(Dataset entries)
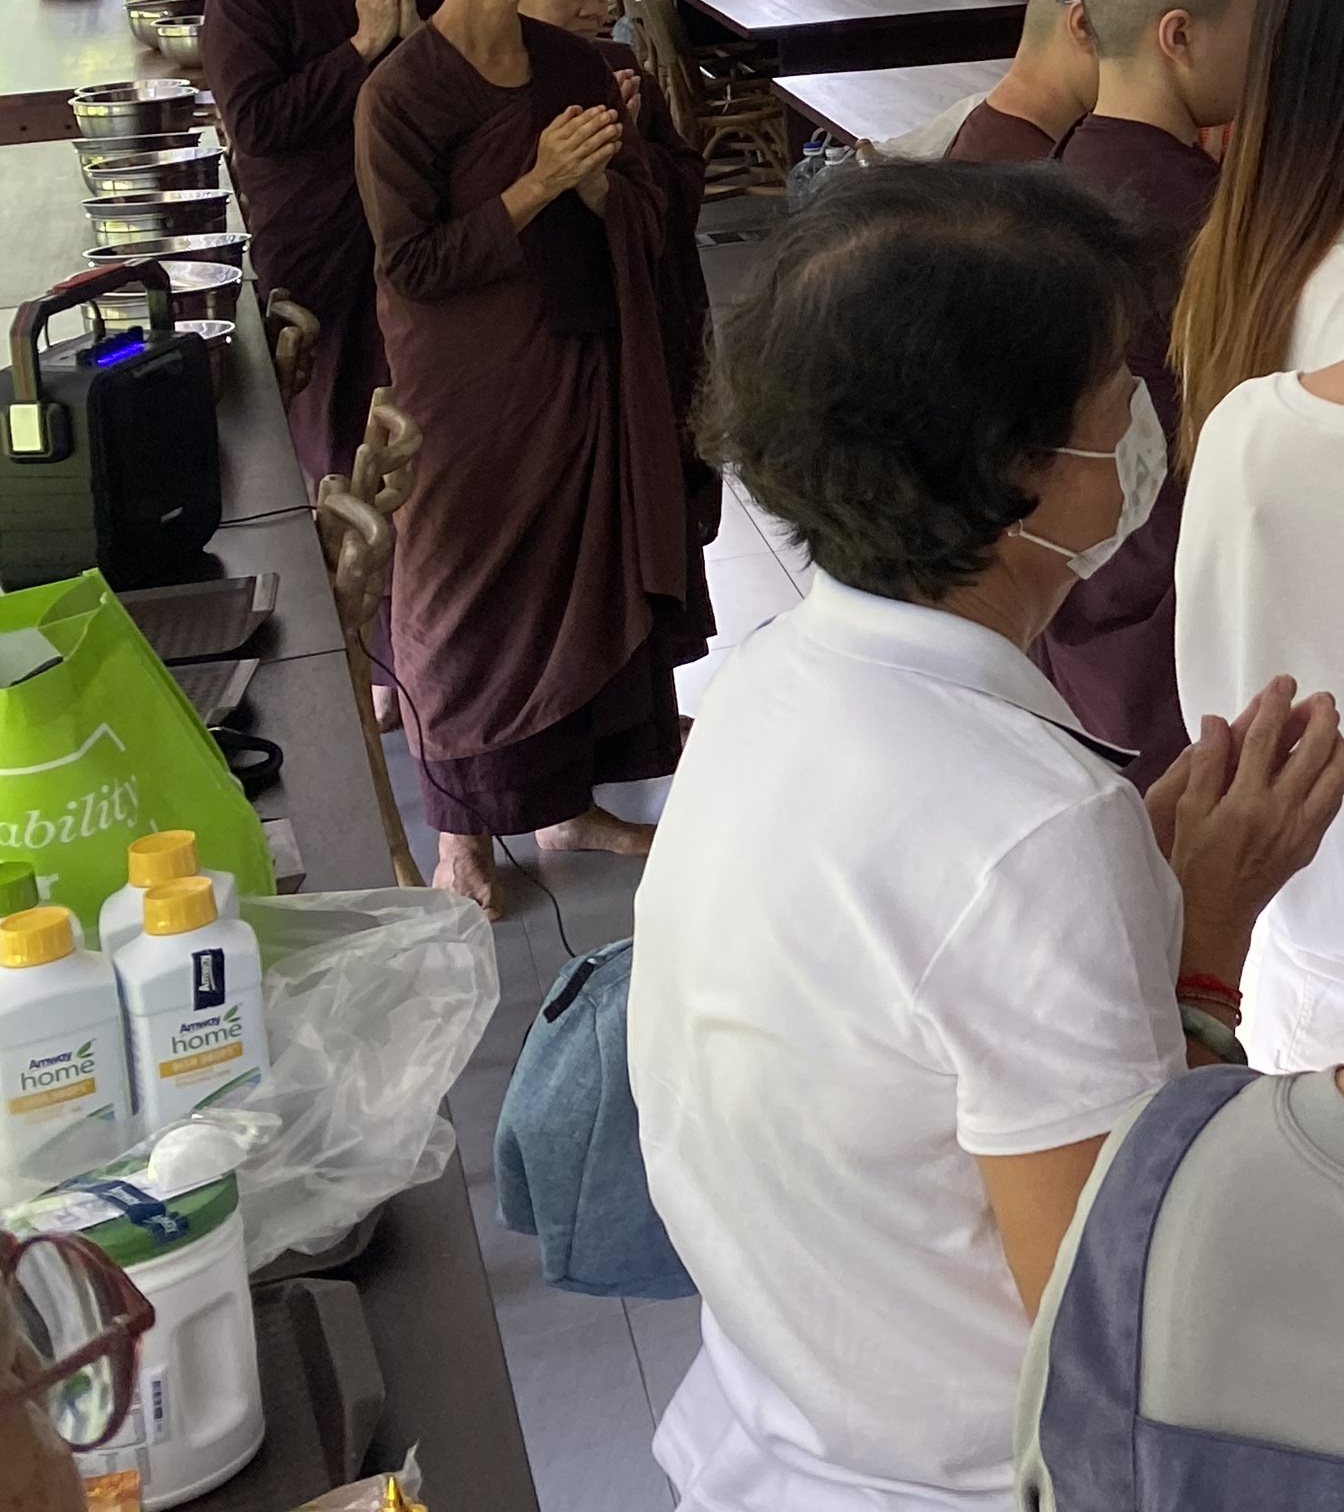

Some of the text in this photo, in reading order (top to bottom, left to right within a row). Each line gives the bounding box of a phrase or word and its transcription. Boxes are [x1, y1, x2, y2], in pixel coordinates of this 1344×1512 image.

[179, 1016, 221, 1034] Amway
[172, 1023, 243, 1054] home
[29, 1051, 73, 1070] Amway
[20, 1059, 95, 1091] home

### EXERCISE OBJECTIVE
Reproduce the data verbatim and omit each image.

### SOLUTION TO THE EXERCISE
Some of the text in this photo, in reading order (top to bottom, left to right within a row). Each line gives the bounding box of a phrase or word and its transcription. Boxes are [x1, y1, x2, y2], in pixel coordinates of this 1344×1512 image.

[179, 1016, 221, 1034] Amway
[172, 1023, 243, 1054] home
[29, 1051, 73, 1070] Amway
[20, 1059, 95, 1091] home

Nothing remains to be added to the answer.